Quarta vittima all’ospizio Ospedale, attesa sui test

5 Dicembre 2020

Altro decesso tra gli ospiti della Madonna in Basilico. Al Renzetti restano chiusi due reparti Imprenditore dona 3mila mascherine ai sanitari. I frati riaprono la chiesa di Sant’Antonio 

LANCIANO. Si stava preparando per lasciare l’ospedale di Atessa perché era guarita, ma a Villa Santa Maria purtroppo non farà ritorno: è morta ieri mattina V.C., 94 anni, una delle ospiti della casa anziani Madonna in Basilico.
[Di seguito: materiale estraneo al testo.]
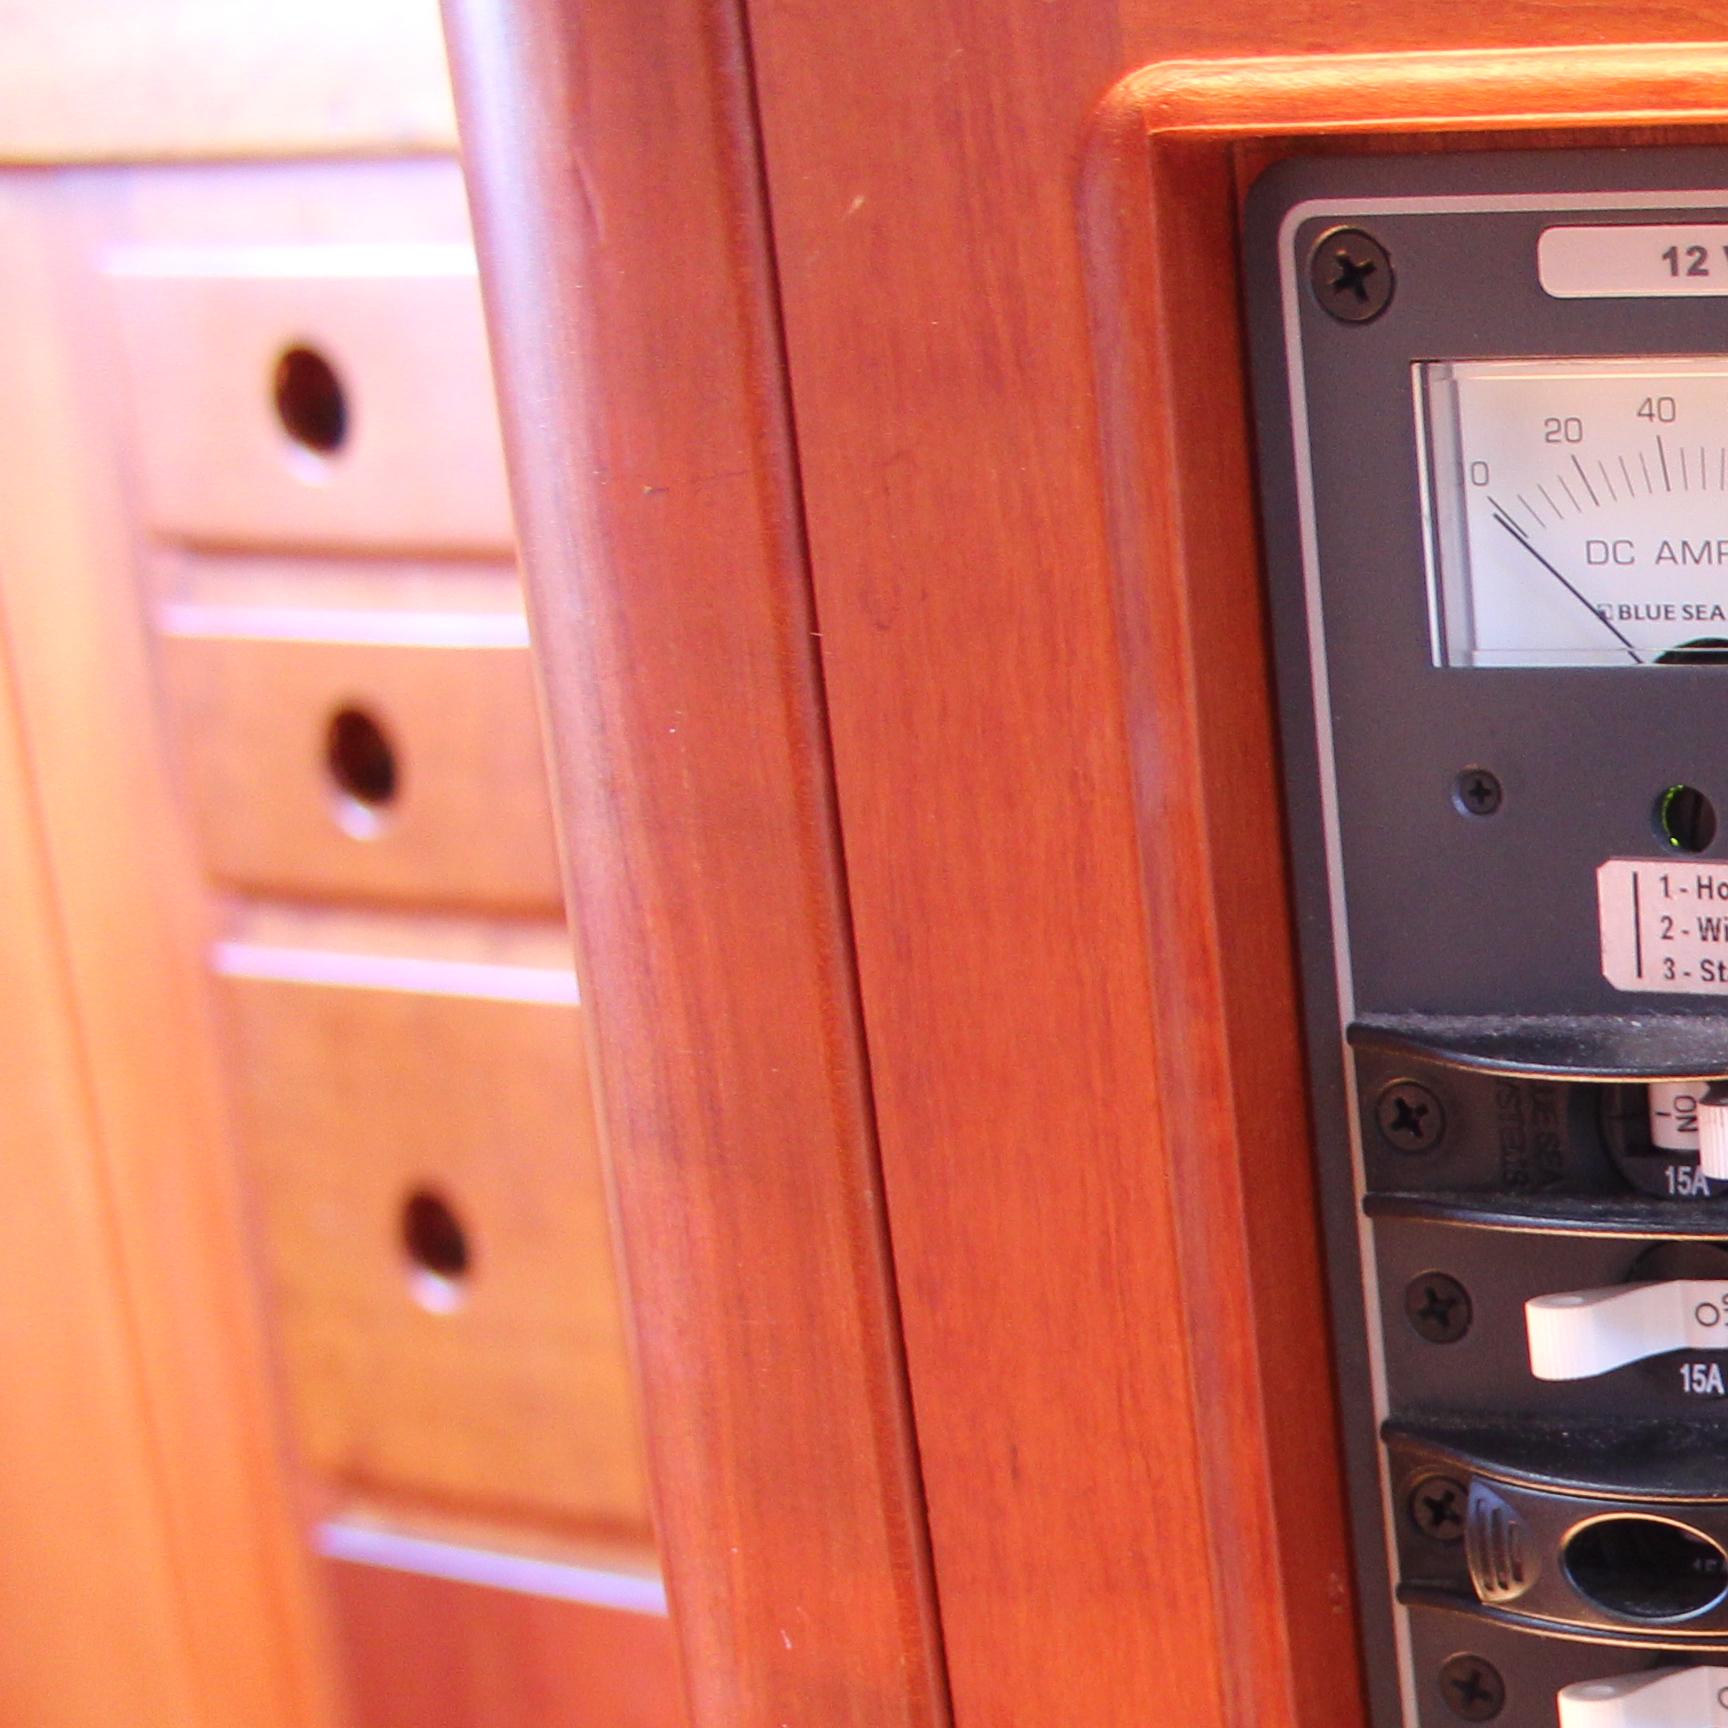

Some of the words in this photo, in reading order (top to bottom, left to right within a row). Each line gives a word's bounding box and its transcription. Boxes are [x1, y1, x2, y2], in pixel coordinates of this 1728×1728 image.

[1661, 245, 1710, 277] 12
[1470, 460, 1490, 487] 0
[1543, 417, 1583, 444] 20
[1636, 396, 1676, 424] 40
[1585, 539, 1636, 566] DC
[1618, 604, 1675, 621] BLUE
[1682, 604, 1726, 621] SEA
[1660, 874, 1671, 899] 1
[1660, 915, 1674, 941] 2
[1663, 957, 1676, 981] 3
[1674, 1095, 1698, 1132] ON
[1665, 1166, 1710, 1196] 15A
[1680, 1363, 1725, 1395] 15A
È la 4 vittima dei residenti dell’ospizio, tutti positivi al Covid. C’è attesa, invece, nell’ospedale di Lanciano per i tamponi del personale di Cardiologia Utic e Gastroenterologia; entrambi i reparti sono ancora chiusi. Al presidio donate anche di 3mila mascherine ffp2 dalla Verindplast di Atessa. Gioia per i frati di Sant’Antonio che, negativi al Covid, hanno riaperto la chiesa.
QUARTA VITTIMA «Siamo veramente addolorati per la scomparsa dell’anziana», dice il sindaco di Villa., Pino Finamore, “«che era ad Atessa perché positiva al Covid, come gli altri 26 ospiti della residenza. Ma era migliorata, tanto che si preparava a tornare a casa. Invece il suo cuore ieri mattina ha improvvisamente smesso di battere». È la 4 vittima della casa anziani Madonna in Basilico dopo due nonni di 85 e 88 anni e una 86enne che era nata di Civitaluparella.
OSPEDALE RENZETTI Situazione complessa in Cardiologia-Utic dove ci sono 3 pazienti, 4 operatori sanitari e un’addetta alle pulizie positivi e c’è attesa per l’esito dei tamponi dell’intera unità. Negativi due pazienti ancora ricoverati nel reparto dove però sono bloccati ingressi e dimissioni e sono stati sanificati gli spazi. Ci sono per fortuna 5 tamponi negativi in Gastroenterologia, dove un medico, che ha avuto contatti col paziente infetto della Cardiologia, è stato trovato positivo al Covid-19. Cresce l’attesa per altri 9 tamponi eseguiti giovedì. L’unità, sanificata, è chiusa con gli esami annullati e posticipati in attesa dei responsi definitivi dei test attesi tra oggi e domani.
DONAZIONE Tornano intanto le donazioni per il presidio. Nicola Salomone, amministratore unico della Verindplast, fabbrica di verniciatura della Val di Sangro, ieri mattina ha donato 3mila mascherine - 2mila per il Renzetti e mille per il presidio di Atessa - del tipo ffp2 per sostenere il personale sanitario, aiutarlo a stare bene per poter continuare la preziosa assistenza ai malati.
SANT’ANTONIO È con il suono delle campane a festa che ieri mattina i frati di Sant’Antonio hanno annunciato alla città la riapertura della chiesa. La parrocchia più grande di Lanciano aveva dovuto chiudere i battenti il 15 novembre scorso dopo la positività al virus di un frate a cui se ne sono aggiunti altri 3. Sono stati 4 i religiosi colpiti dal Covid-19, tre invece i negativi, tra cui padre Giancarlo, direttore dell’adiacente istituto Antoniano, che, seppur focolaio Covid-19, non è stato veicolo di’infezione. Ora dopo il periodo di quarantena, e i tamponi tutti negativi, i frati hanno riaperto la chiesa e ripreso le attività.